I thought the Kuhli loachs required a larger tank? Also, I had a Clown Loach once and they are MEAN! It killed my smaller fish, until it got to my Angel (She was the queen of my tank), and she didn't permit that kind of aggressiveness in her tank, so no more Tiger Loach!


----------



## tankman12 (Nov 13, 2012)

Was it a clown or a tiger? Cuz clowns are wicked peaceful. Tigers are evil and will kill fish like your did. 

Kuhlis dont really need a big tank, if you have enough hiding places for them.
_Posted via Mobile Device_


----------



## Olympia (Aug 25, 2011)

CrazedHoosier said:


> I thought the Kuhli loachs required a larger tank? Also, I had a Clown Loach once and they are MEAN! It killed my smaller fish, until it got to my Angel (She was the queen of my tank), and she didn't permit that kind of aggressiveness in her tank, so no more Tiger Loach!

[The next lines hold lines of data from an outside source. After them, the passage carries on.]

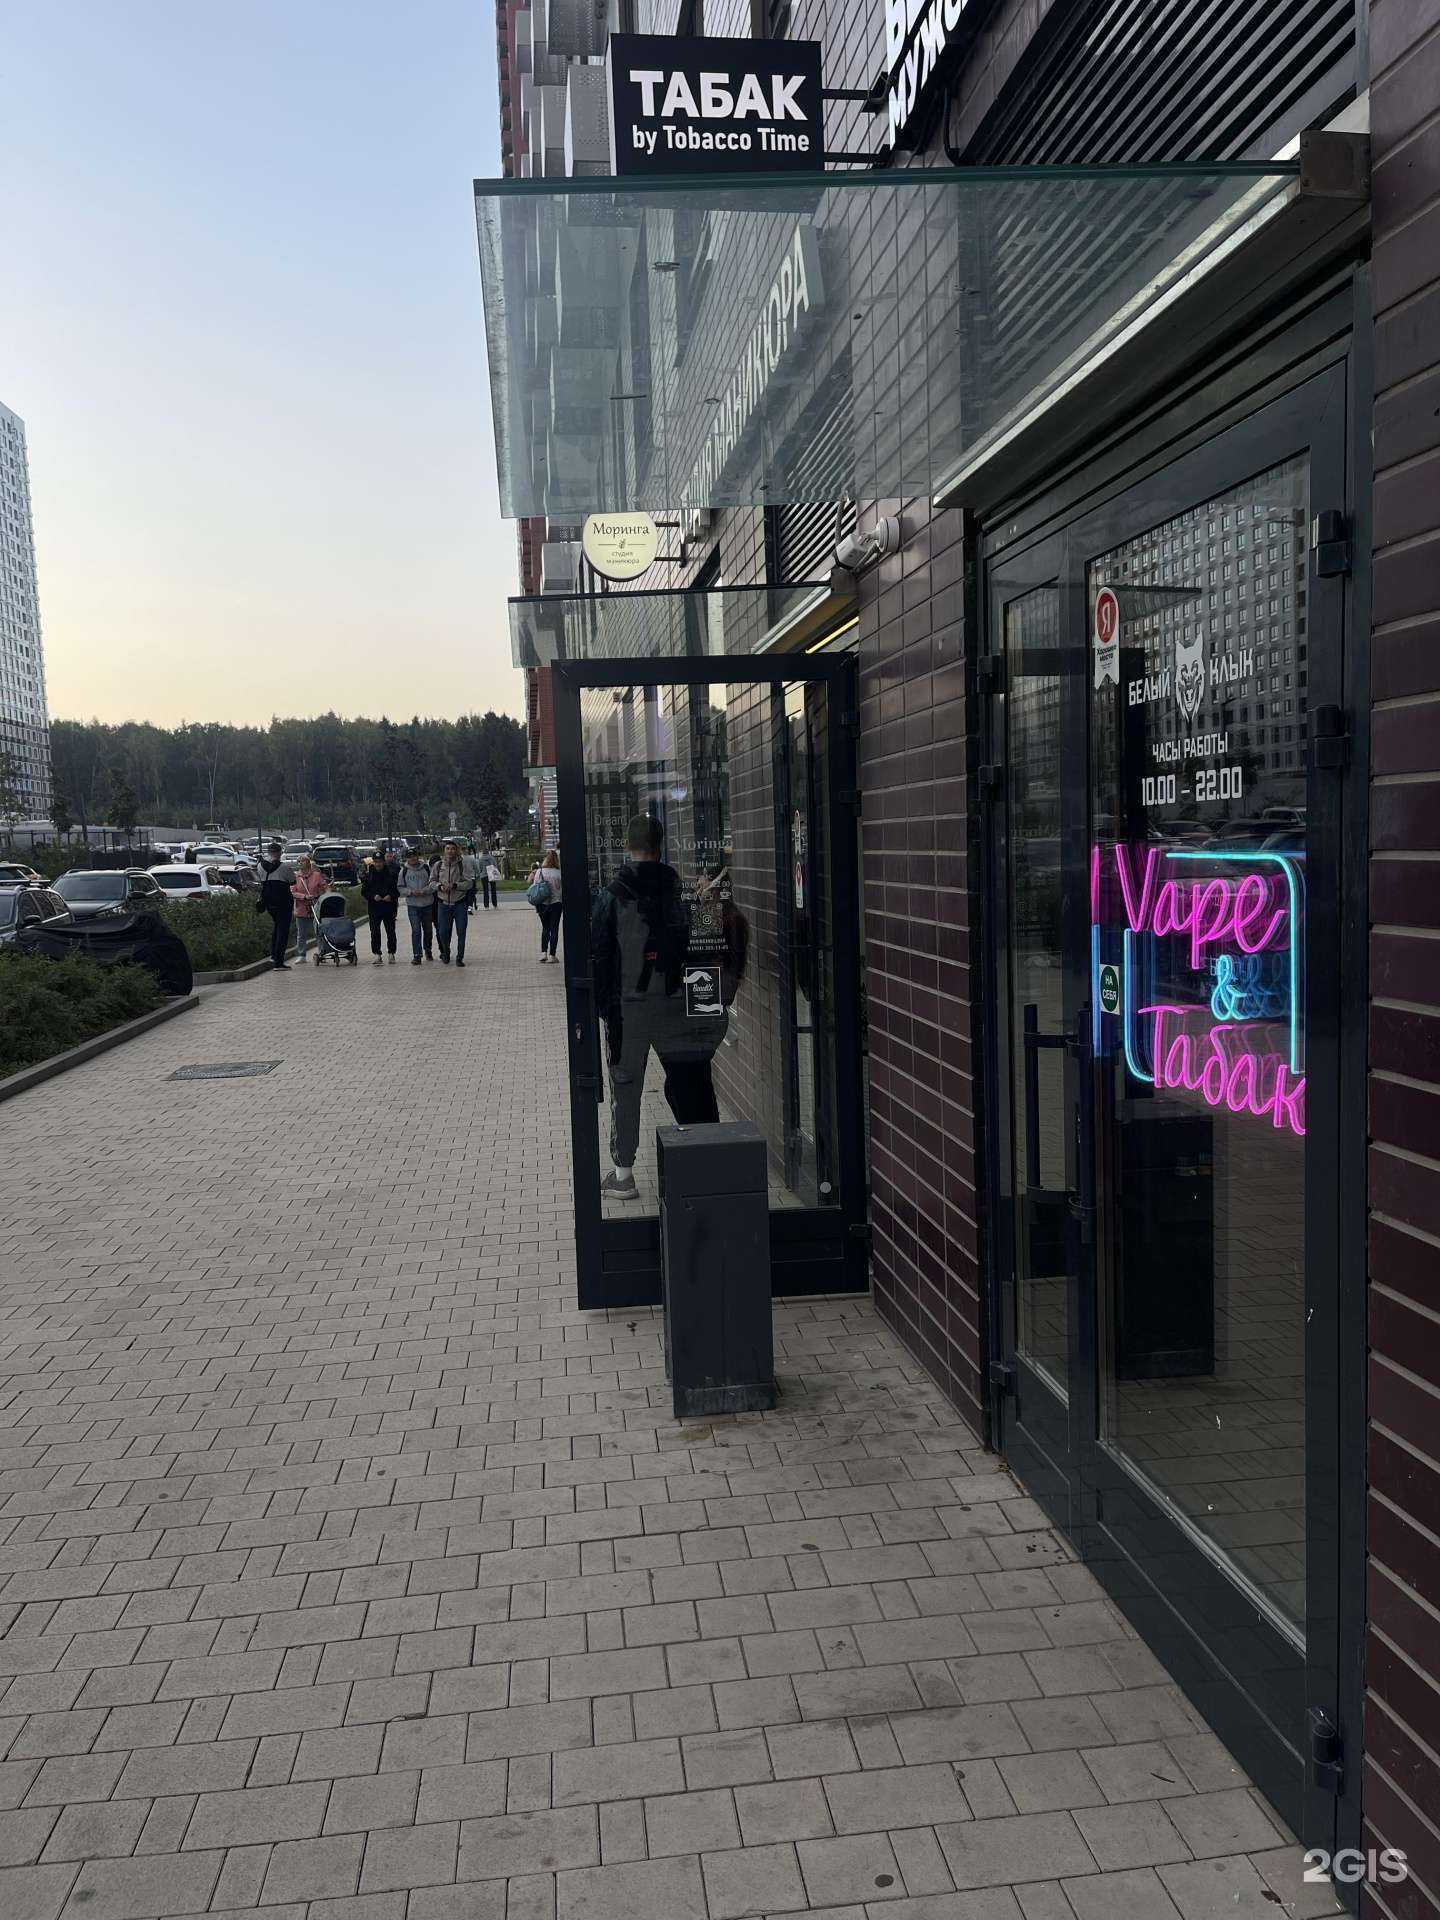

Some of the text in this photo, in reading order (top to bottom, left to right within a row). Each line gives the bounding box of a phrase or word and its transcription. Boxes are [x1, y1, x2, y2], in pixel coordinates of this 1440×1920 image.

[629, 70, 808, 121] ТАБАК
[632, 125, 810, 155] by Tobacco Time
[714, 224, 810, 481] МАНИКЮРА
[593, 521, 650, 538] Моринга
[1101, 601, 1112, 636] Я
[1128, 648, 1254, 706] БЕЛЫЙ КЛЫК
[1152, 731, 1229, 763] ЧАСЫ РАБОТЫ
[1141, 774, 1176, 807] 10.00
[1195, 765, 1243, 802] 22.00
[1115, 843, 1286, 970] Vape
[1102, 988, 1117, 1001] СЕБЯ
[1104, 975, 1114, 986] НА
[1210, 953, 1248, 1021] &
[1137, 1004, 1306, 1136] Табак

Loaches are schooling fish by nature. Being kept alone might have stressed him out and caused him to lash out at others.
_Posted via Mobile Device_


----------



## Hopeseeker (Feb 6, 2012)

Thanks for everyone's help! I'm a long way from stocking the 15 gallon, I still need to thoroughly clean it. I am first trying to stock the 10 gallon with plants. I'm seeing what plants actually like my water first. I will, however, go to some of the local pet stores here sometime this week. I'll write down a list of fish that I might be interested and will post them here to get everyone's feedback. I'll do some research on my own, also! Thanks, again!


----------



## Hopeseeker (Feb 6, 2012)

Apparently, loaches are not good to house with red cherry shrimp. Which is ok, I really haven't gotten interested in them. And it seems most cories have to have a minimum of a 30 gallon tank. So, most likely they are off the list. And if I want rasboras or any tetras, I will need to experiment with lowering ph and possibly water hardness. Which is fine, I was kinda wanting to see if I could possibly improve those.


----------



## Olympia (Aug 25, 2011)

Softening water.. most people buy an RO filter, but that's a bit pricey. I have hard water, and I've often thought to just buy large amounts of distilled water to dilute, but I'm not sure I could dedicate myself with that. If you have a big saltwater specialty shop they sometimes sell RO water by the gallon.
Another option is the use of peat moss in your tank. It won't soften water, but peat has pH lowering properties. It's a bit less accurate to do, and if your kH (carbonate hardness, a second type of water hardness) is high it won't do much.
Petsmart (or most any shop) can test your pH and dH (what most people mean by hardness). If you have a specialty shop they may be a bit more helpful. Another option is to look up a water quality report for your city, which is a bit easier for larger towns.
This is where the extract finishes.